[Dataset entries]
_ _ _ _ _
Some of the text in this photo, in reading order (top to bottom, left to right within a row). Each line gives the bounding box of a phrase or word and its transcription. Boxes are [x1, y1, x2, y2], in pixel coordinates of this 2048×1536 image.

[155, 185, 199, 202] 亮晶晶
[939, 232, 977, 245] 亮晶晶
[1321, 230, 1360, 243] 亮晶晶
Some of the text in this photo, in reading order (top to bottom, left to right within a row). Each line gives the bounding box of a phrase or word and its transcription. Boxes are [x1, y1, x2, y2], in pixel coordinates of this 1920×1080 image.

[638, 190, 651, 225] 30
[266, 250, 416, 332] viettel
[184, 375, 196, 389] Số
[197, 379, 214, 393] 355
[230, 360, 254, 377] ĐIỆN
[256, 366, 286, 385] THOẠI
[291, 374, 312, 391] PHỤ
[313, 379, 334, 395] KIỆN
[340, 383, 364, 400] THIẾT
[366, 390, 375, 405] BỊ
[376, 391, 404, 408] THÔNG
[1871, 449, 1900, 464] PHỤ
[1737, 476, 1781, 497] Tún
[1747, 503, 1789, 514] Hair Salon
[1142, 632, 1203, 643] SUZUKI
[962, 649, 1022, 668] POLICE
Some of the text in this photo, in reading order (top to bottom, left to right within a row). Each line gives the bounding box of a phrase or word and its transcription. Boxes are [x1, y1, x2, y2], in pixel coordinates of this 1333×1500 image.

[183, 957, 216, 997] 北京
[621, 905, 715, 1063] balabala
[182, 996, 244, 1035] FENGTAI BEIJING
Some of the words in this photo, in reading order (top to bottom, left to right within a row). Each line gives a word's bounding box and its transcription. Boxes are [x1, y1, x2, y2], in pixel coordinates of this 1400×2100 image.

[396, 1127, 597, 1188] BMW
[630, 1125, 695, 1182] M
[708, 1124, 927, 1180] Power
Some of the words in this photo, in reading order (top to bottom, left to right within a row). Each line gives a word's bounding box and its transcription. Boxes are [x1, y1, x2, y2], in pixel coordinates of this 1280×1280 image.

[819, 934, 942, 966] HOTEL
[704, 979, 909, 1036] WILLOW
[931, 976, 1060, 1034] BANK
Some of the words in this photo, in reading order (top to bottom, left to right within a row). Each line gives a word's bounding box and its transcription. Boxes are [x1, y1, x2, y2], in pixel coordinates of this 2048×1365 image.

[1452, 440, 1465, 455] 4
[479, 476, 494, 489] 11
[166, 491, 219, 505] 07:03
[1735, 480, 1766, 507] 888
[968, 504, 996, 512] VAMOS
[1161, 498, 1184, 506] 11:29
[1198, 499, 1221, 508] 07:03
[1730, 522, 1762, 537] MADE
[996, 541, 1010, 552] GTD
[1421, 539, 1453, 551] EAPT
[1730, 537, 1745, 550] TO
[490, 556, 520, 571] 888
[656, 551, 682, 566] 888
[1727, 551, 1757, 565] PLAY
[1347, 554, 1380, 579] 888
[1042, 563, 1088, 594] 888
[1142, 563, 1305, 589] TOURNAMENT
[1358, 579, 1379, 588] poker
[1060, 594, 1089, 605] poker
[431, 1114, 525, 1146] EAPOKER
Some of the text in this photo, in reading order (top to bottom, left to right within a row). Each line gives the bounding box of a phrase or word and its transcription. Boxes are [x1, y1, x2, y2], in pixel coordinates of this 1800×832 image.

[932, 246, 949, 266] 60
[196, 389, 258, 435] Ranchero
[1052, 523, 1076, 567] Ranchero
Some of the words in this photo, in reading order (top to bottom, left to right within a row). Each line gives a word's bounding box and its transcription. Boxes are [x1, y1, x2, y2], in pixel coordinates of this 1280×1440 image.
_ _ _ _ _
Problem description
All records are to be restated exactly, from the first line to the last line.

Exercise response
Some of the text in this photo, in reading order (top to bottom, left to right within a row). Each line gives the bounding box of a phrase or word and its transcription. Boxes are [x1, y1, x2, y2], in pixel coordinates of this 2048×1536 image.

[155, 185, 199, 202] 亮晶晶
[939, 232, 977, 245] 亮晶晶
[1321, 230, 1360, 243] 亮晶晶
Some of the text in this photo, in reading order (top to bottom, left to right within a row). Each line gives the bounding box of a phrase or word and its transcription. Boxes are [x1, y1, x2, y2], in pixel coordinates of this 1920×1080 image.

[638, 190, 651, 225] 30
[266, 250, 416, 332] viettel
[184, 375, 196, 389] Số
[197, 379, 214, 393] 355
[230, 360, 254, 377] ĐIỆN
[256, 366, 286, 385] THOẠI
[291, 374, 312, 391] PHỤ
[313, 379, 334, 395] KIỆN
[340, 383, 364, 400] THIẾT
[366, 390, 375, 405] BỊ
[376, 391, 404, 408] THÔNG
[1871, 449, 1900, 464] PHỤ
[1737, 476, 1781, 497] Tún
[1747, 503, 1789, 514] Hair Salon
[1142, 632, 1203, 643] SUZUKI
[962, 649, 1022, 668] POLICE
Some of the text in this photo, in reading order (top to bottom, left to right within a row). Each line gives the bounding box of a phrase or word and its transcription. Boxes are [x1, y1, x2, y2], in pixel coordinates of this 1333×1500 image.

[183, 957, 216, 997] 北京
[621, 905, 715, 1063] balabala
[182, 996, 244, 1035] FENGTAI BEIJING
Some of the words in this photo, in reading order (top to bottom, left to right within a row). Each line gives a word's bounding box and its transcription. Boxes are [x1, y1, x2, y2], in pixel coordinates of this 1400×2100 image.

[396, 1127, 597, 1188] BMW
[630, 1125, 695, 1182] M
[708, 1124, 927, 1180] Power
Some of the words in this photo, in reading order (top to bottom, left to right within a row). Each line gives a word's bounding box and its transcription. Boxes are [x1, y1, x2, y2], in pixel coordinates of this 1280×1280 image.

[819, 934, 942, 966] HOTEL
[704, 979, 909, 1036] WILLOW
[931, 976, 1060, 1034] BANK
Some of the words in this photo, in reading order (top to bottom, left to right within a row). Each line gives a word's bounding box and its transcription. Boxes are [x1, y1, x2, y2], in pixel coordinates of this 2048×1365 image.

[1452, 440, 1465, 455] 4
[479, 476, 494, 489] 11
[166, 491, 219, 505] 07:03
[1735, 480, 1766, 507] 888
[968, 504, 996, 512] VAMOS
[1161, 498, 1184, 506] 11:29
[1198, 499, 1221, 508] 07:03
[1730, 522, 1762, 537] MADE
[996, 541, 1010, 552] GTD
[1421, 539, 1453, 551] EAPT
[1730, 537, 1745, 550] TO
[490, 556, 520, 571] 888
[656, 551, 682, 566] 888
[1727, 551, 1757, 565] PLAY
[1347, 554, 1380, 579] 888
[1042, 563, 1088, 594] 888
[1142, 563, 1305, 589] TOURNAMENT
[1358, 579, 1379, 588] poker
[1060, 594, 1089, 605] poker
[431, 1114, 525, 1146] EAPOKER
Some of the text in this photo, in reading order (top to bottom, left to right within a row). Each line gives the bounding box of a phrase or word and its transcription. Boxes are [x1, y1, x2, y2], in pixel coordinates of this 1800×832 image.

[932, 246, 949, 266] 60
[196, 389, 258, 435] Ranchero
[1052, 523, 1076, 567] Ranchero
Some of the words in this photo, in reading order (top to bottom, left to right within a row). Each line gives a word's bounding box and its transcription. Boxes are [x1, y1, x2, y2], in pixel coordinates of this 1280×1440 image.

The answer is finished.